Pointed observations in a judgment which are not directly related to the matters pleaded are usually worth noting. Those in a recent case involving the PACE trial and Queen Mary, University of London, are essential reading for academics and support staff who deal with FOI

In a ruling handed down this week the First-tier Tribunal (Information Rights) (“FTT”) has upheld the Information Commissioner’s (IC) decision that Queen Mary, University of London, was entitled to rely on the exemption at section 36(2)(b)(1) and (2) of the Freedom of Information Act 2000 in refusing to disclose minutes of the Trial Steering Committee and Trial Management Groups of the Pace Trial. The trial had been set up to compare and test the effectiveness of four of the main treatments currently available for people suffering from chronic fatigue syndrome (CFS), also known as myalgic encephalomyelitis (ME), but it attracted considerable criticism from some quarters. In the words of the FTT

There has been a storm of comments about this study. There had been deeply wounding personal criticisms of individuals concerned and over the years individuals in this field of research and treatment have withdrawn from research in the face of hostile irrational criticism and threats.

The FTT found that the exemption was engaged:

it is pellucidly clear that the progress and conduct of research in this area would be hampered by the publication of minutes of meetings such as sought by this request because individuals would be less willing to engage in research, participate in steering committees, provide guidance, debate issues about the conduct of research as fully and frankly as they otherwise would; as fully and frankly as would most benefit the research and the patients it is intended to help

and the public interest favoured maintaining the exemption:

the appellant’s arguments in favour of disclosure of the minutes when so much has been made available publicly in relation to this research and been subjected to such high levels of independent scrutiny do not outweigh the considerable weight to be given to the public interest in maintaining the safe space for academic research

But the FTT then made wide-ranging and significant observations about the concept of academic freedom and its relation to FOI. The decision cites Article 13 of The Charter of Fundamental Rights of the European Community:

Freedom of the arts and sciences The arts and scientific research shall be free of constraint. Academic freedom shall be respected.

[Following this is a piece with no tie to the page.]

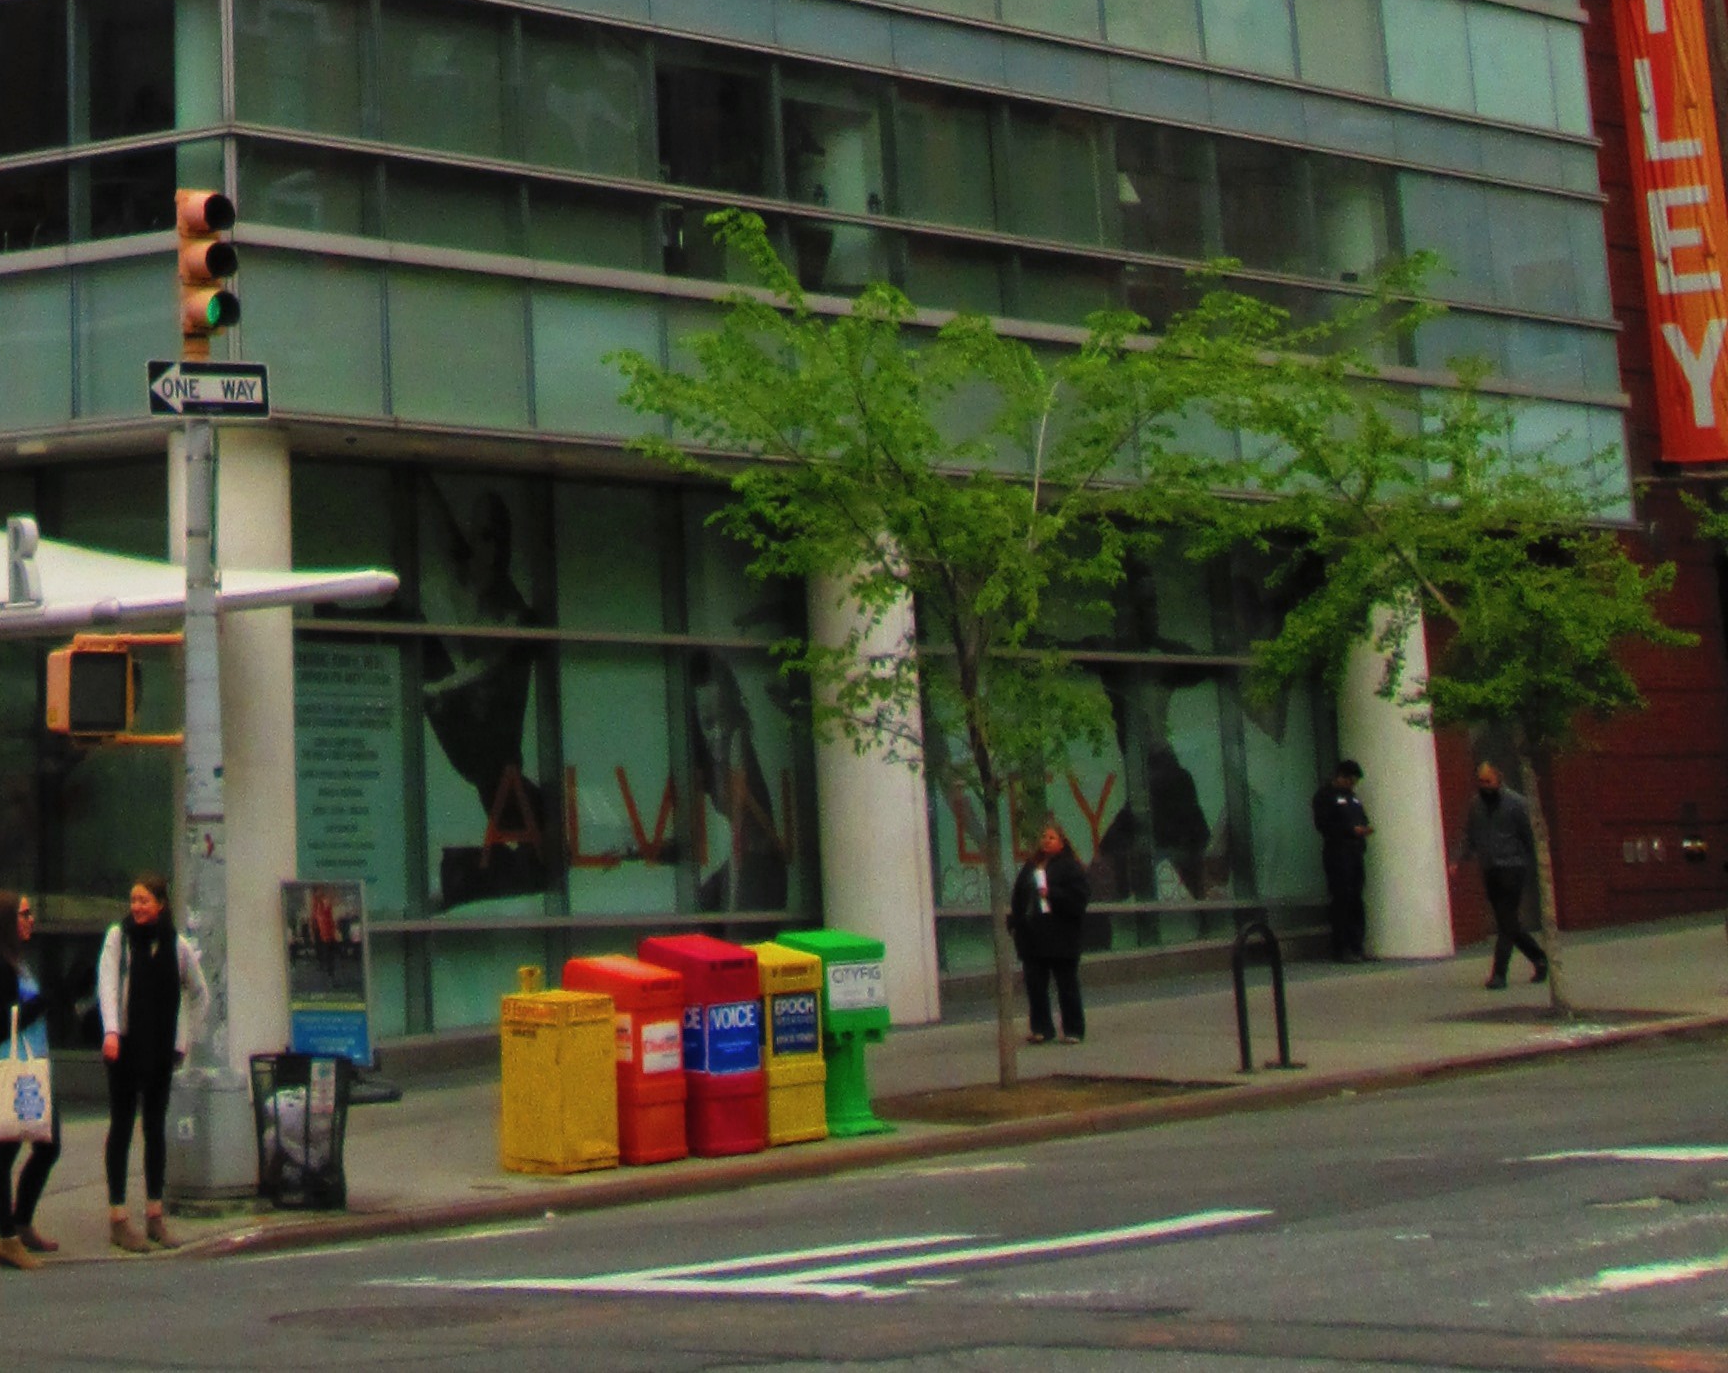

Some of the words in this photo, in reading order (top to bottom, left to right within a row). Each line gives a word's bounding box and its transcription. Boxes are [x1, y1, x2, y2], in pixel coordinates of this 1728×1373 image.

[161, 377, 201, 400] ONE
[220, 378, 257, 401] WAY
[709, 1003, 757, 1031] VOICE
[774, 997, 815, 1016] EPOCH

and section 202 of the Education Reform Act 1988 which places an obligation on the University Commissioners to

ensure that academic staff have freedom within the law to question and test received opinion, and to put forward new ideas and controversial or unpopular opinions, without placing themselves in jeopardy of losing their jobs or privileges they may have their institutions

and the FTT stresses the “profound importance” of academic freedom, noting that the IC has an obligation, as an emanation of the state, to give effect to Article 13. The judgment notes that the purpose of universities is to disseminate and generate knowledge and that disclosure of information is their primary purpose (“the activity which imbues the University with its moral significance”). In rather remarkable terms, the seeking of and disclosure of information (from academic institutions) under FOIA is unfavourably compared to this academic dissemination:

A parallel process of dissemination through FOIA is unlikely to be as effective or robust as the process of lectures, seminars, conferences and publications which are the lifeblood of the University. They are likely to be a diversion from the effective evaluation, publication and scrutiny of research through the academic processes. All too often such requests are likely to be motivated by a desire not to have information but a desire to divert and improperly undermine the research and publication process – in football terminology – playing the man and not the ball

One might pause to question whether this unfairly overplays the likelihood of FOIA requests being detrimental to academia, and also overstates the amount of information which is disseminated to the general public through academic research. Part of the reason for FOIA is that it enables the public to access information that public authorities specifically choose not to proactively disclose. One sees similar arguments at play in the apparent prioritising of the “transparency agenda” over FOIA disclosure.

There follows, though, a sensible suggestion for what researchers might consider at the outset of projects. With a view to the obligation to publish and maintain a publication scheme, institutions are advised that

it might well be worth considering at the start of a major project such as this setting out a publication strategy identifying what materials will be produced in the course of the project, which materials will be published and when (this will enable s22 to be considered if FOIA requests are received for such material), and which are unlikely to be published under FOIA as exemptions may be engaged

and the IC is (again with a nod to his Article 13 obligations) prompted to issue guidance on this.

Finally, the judgment suggests that the University missed a trick with this specific request

properly viewed in its context, this request should have been seen as vexatious- it was not a true request for information-rather its function was largely polemical and as such in the light of recent Upper Tribunal judgements might have been more efficiently and effectively handled if treated as vexatious

The Tribunal Judge, Christopher Hughes, has a wealth of experience in the field of academic and medical research. These are crucial observations about the relationship between FOI and academia. We already have a new exemption on its way specifically for academic research (by way of clause 19 of the Intellectual Property Bill) but this decision appears to reinforce the protection that academic research and associated information will be given from FOIA disclosure.

Postscript:

The BMJ has an article on this judgment (behind the paywall, but letters in response are here (thanks to Zuton who has commented below for drawing this to my attention).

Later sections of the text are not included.